= Task to carry out =
The response must restate the data exactly, with nothing left out.

___ Records shown ___

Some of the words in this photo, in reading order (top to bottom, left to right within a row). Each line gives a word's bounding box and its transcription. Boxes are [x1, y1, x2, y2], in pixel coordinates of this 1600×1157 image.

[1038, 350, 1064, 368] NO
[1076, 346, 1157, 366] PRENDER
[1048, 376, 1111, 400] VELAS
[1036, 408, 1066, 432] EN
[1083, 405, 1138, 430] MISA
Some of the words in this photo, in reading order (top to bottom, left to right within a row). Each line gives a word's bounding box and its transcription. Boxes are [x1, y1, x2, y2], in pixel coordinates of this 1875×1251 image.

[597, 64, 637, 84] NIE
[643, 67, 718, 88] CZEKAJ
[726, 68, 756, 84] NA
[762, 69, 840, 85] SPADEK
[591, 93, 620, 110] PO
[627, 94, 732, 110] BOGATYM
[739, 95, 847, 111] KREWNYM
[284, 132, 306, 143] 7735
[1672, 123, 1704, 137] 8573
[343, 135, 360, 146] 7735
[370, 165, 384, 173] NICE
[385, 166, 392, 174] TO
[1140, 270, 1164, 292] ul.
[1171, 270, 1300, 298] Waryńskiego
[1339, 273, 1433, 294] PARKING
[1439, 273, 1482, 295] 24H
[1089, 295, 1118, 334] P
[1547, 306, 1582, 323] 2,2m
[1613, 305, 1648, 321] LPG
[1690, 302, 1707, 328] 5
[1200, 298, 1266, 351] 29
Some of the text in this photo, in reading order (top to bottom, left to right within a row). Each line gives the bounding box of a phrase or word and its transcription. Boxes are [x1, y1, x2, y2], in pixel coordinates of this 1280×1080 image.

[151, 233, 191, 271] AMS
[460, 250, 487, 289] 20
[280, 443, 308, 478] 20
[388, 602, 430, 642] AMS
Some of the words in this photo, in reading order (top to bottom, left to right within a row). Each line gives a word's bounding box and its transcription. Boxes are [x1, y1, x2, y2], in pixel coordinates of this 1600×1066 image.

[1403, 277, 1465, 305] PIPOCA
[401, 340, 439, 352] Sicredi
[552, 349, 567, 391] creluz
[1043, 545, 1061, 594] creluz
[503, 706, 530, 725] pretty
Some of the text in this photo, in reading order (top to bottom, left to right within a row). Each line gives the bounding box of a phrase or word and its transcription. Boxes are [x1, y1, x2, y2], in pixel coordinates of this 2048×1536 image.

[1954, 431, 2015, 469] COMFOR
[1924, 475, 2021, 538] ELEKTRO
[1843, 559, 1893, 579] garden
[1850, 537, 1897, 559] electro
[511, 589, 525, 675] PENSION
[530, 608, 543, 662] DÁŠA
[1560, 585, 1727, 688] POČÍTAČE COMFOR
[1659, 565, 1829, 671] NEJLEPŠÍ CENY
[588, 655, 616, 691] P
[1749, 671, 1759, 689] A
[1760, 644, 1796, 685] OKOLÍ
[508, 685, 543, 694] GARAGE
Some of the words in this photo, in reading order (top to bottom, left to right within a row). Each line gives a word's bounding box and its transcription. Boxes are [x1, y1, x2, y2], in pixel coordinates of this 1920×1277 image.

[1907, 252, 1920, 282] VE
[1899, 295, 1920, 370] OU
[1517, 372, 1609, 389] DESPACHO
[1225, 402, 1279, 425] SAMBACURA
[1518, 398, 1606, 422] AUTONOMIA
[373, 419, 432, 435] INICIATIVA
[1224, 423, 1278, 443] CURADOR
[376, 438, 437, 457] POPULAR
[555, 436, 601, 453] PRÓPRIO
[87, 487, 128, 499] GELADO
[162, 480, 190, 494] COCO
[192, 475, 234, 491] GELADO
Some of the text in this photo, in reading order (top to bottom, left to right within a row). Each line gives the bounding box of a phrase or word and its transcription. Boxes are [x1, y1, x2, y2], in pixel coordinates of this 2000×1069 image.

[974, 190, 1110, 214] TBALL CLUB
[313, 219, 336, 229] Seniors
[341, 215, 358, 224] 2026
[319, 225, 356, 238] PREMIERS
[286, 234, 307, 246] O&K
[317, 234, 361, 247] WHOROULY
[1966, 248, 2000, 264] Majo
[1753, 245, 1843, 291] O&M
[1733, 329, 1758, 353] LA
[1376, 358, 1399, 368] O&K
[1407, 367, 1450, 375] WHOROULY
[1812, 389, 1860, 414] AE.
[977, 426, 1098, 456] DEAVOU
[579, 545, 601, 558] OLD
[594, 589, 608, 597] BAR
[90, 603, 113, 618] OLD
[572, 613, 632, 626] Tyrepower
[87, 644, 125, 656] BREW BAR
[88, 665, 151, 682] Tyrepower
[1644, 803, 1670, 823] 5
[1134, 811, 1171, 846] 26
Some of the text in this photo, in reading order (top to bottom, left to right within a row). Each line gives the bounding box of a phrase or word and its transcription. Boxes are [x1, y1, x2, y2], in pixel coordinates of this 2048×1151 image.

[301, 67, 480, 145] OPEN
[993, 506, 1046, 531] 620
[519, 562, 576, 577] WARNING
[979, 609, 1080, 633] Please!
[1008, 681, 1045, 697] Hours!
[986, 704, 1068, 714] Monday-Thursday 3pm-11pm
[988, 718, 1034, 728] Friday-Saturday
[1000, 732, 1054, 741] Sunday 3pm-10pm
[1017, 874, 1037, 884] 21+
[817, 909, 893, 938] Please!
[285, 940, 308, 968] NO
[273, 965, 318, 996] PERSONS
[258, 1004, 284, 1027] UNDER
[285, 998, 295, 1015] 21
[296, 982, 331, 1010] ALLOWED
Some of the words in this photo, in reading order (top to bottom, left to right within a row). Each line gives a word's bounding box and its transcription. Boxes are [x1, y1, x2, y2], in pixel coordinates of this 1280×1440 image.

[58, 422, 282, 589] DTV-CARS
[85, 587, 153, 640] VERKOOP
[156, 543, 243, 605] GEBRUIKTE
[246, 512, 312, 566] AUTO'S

___

= Answer =
Some of the words in this photo, in reading order (top to bottom, left to right within a row). Each line gives a word's bounding box and its transcription. Boxes are [x1, y1, x2, y2], in pixel coordinates of this 1600×1157 image.

[1038, 350, 1064, 368] NO
[1076, 346, 1157, 366] PRENDER
[1048, 376, 1111, 400] VELAS
[1036, 408, 1066, 432] EN
[1083, 405, 1138, 430] MISA
Some of the words in this photo, in reading order (top to bottom, left to right within a row). Each line gives a word's bounding box and its transcription. Boxes are [x1, y1, x2, y2], in pixel coordinates of this 1875×1251 image.

[597, 64, 637, 84] NIE
[643, 67, 718, 88] CZEKAJ
[726, 68, 756, 84] NA
[762, 69, 840, 85] SPADEK
[591, 93, 620, 110] PO
[627, 94, 732, 110] BOGATYM
[739, 95, 847, 111] KREWNYM
[284, 132, 306, 143] 7735
[1672, 123, 1704, 137] 8573
[343, 135, 360, 146] 7735
[370, 165, 384, 173] NICE
[385, 166, 392, 174] TO
[1140, 270, 1164, 292] ul.
[1171, 270, 1300, 298] Waryńskiego
[1339, 273, 1433, 294] PARKING
[1439, 273, 1482, 295] 24H
[1089, 295, 1118, 334] P
[1547, 306, 1582, 323] 2,2m
[1613, 305, 1648, 321] LPG
[1690, 302, 1707, 328] 5
[1200, 298, 1266, 351] 29
Some of the text in this photo, in reading order (top to bottom, left to right within a row). Each line gives the bounding box of a phrase or word and its transcription. Boxes are [x1, y1, x2, y2], in pixel coordinates of this 1280×1080 image.

[151, 233, 191, 271] AMS
[460, 250, 487, 289] 20
[280, 443, 308, 478] 20
[388, 602, 430, 642] AMS
Some of the words in this photo, in reading order (top to bottom, left to right within a row). Each line gives a word's bounding box and its transcription. Boxes are [x1, y1, x2, y2], in pixel coordinates of this 1600×1066 image.

[1403, 277, 1465, 305] PIPOCA
[401, 340, 439, 352] Sicredi
[552, 349, 567, 391] creluz
[1043, 545, 1061, 594] creluz
[503, 706, 530, 725] pretty
Some of the text in this photo, in reading order (top to bottom, left to right within a row). Each line gives the bounding box of a phrase or word and its transcription. Boxes are [x1, y1, x2, y2], in pixel coordinates of this 2048×1536 image.

[1954, 431, 2015, 469] COMFOR
[1924, 475, 2021, 538] ELEKTRO
[1843, 559, 1893, 579] garden
[1850, 537, 1897, 559] electro
[511, 589, 525, 675] PENSION
[530, 608, 543, 662] DÁŠA
[1560, 585, 1727, 688] POČÍTAČE COMFOR
[1659, 565, 1829, 671] NEJLEPŠÍ CENY
[588, 655, 616, 691] P
[1749, 671, 1759, 689] A
[1760, 644, 1796, 685] OKOLÍ
[508, 685, 543, 694] GARAGE
Some of the words in this photo, in reading order (top to bottom, left to right within a row). Each line gives a word's bounding box and its transcription. Boxes are [x1, y1, x2, y2], in pixel coordinates of this 1920×1277 image.

[1907, 252, 1920, 282] VE
[1899, 295, 1920, 370] OU
[1517, 372, 1609, 389] DESPACHO
[1225, 402, 1279, 425] SAMBACURA
[1518, 398, 1606, 422] AUTONOMIA
[373, 419, 432, 435] INICIATIVA
[1224, 423, 1278, 443] CURADOR
[376, 438, 437, 457] POPULAR
[555, 436, 601, 453] PRÓPRIO
[87, 487, 128, 499] GELADO
[162, 480, 190, 494] COCO
[192, 475, 234, 491] GELADO
Some of the text in this photo, in reading order (top to bottom, left to right within a row). Each line gives the bounding box of a phrase or word and its transcription. Boxes are [x1, y1, x2, y2], in pixel coordinates of this 2000×1069 image.

[974, 190, 1110, 214] TBALL CLUB
[313, 219, 336, 229] Seniors
[341, 215, 358, 224] 2026
[319, 225, 356, 238] PREMIERS
[286, 234, 307, 246] O&K
[317, 234, 361, 247] WHOROULY
[1966, 248, 2000, 264] Majo
[1753, 245, 1843, 291] O&M
[1733, 329, 1758, 353] LA
[1376, 358, 1399, 368] O&K
[1407, 367, 1450, 375] WHOROULY
[1812, 389, 1860, 414] AE.
[977, 426, 1098, 456] DEAVOU
[579, 545, 601, 558] OLD
[594, 589, 608, 597] BAR
[90, 603, 113, 618] OLD
[572, 613, 632, 626] Tyrepower
[87, 644, 125, 656] BREW BAR
[88, 665, 151, 682] Tyrepower
[1644, 803, 1670, 823] 5
[1134, 811, 1171, 846] 26
Some of the text in this photo, in reading order (top to bottom, left to right within a row). Each line gives the bounding box of a phrase or word and its transcription. Boxes are [x1, y1, x2, y2], in pixel coordinates of this 2048×1151 image.

[301, 67, 480, 145] OPEN
[993, 506, 1046, 531] 620
[519, 562, 576, 577] WARNING
[979, 609, 1080, 633] Please!
[1008, 681, 1045, 697] Hours!
[986, 704, 1068, 714] Monday-Thursday 3pm-11pm
[988, 718, 1034, 728] Friday-Saturday
[1000, 732, 1054, 741] Sunday 3pm-10pm
[1017, 874, 1037, 884] 21+
[817, 909, 893, 938] Please!
[285, 940, 308, 968] NO
[273, 965, 318, 996] PERSONS
[258, 1004, 284, 1027] UNDER
[285, 998, 295, 1015] 21
[296, 982, 331, 1010] ALLOWED
Some of the words in this photo, in reading order (top to bottom, left to right within a row). Each line gives a word's bounding box and its transcription. Boxes are [x1, y1, x2, y2], in pixel coordinates of this 1280×1440 image.

[58, 422, 282, 589] DTV-CARS
[85, 587, 153, 640] VERKOOP
[156, 543, 243, 605] GEBRUIKTE
[246, 512, 312, 566] AUTO'S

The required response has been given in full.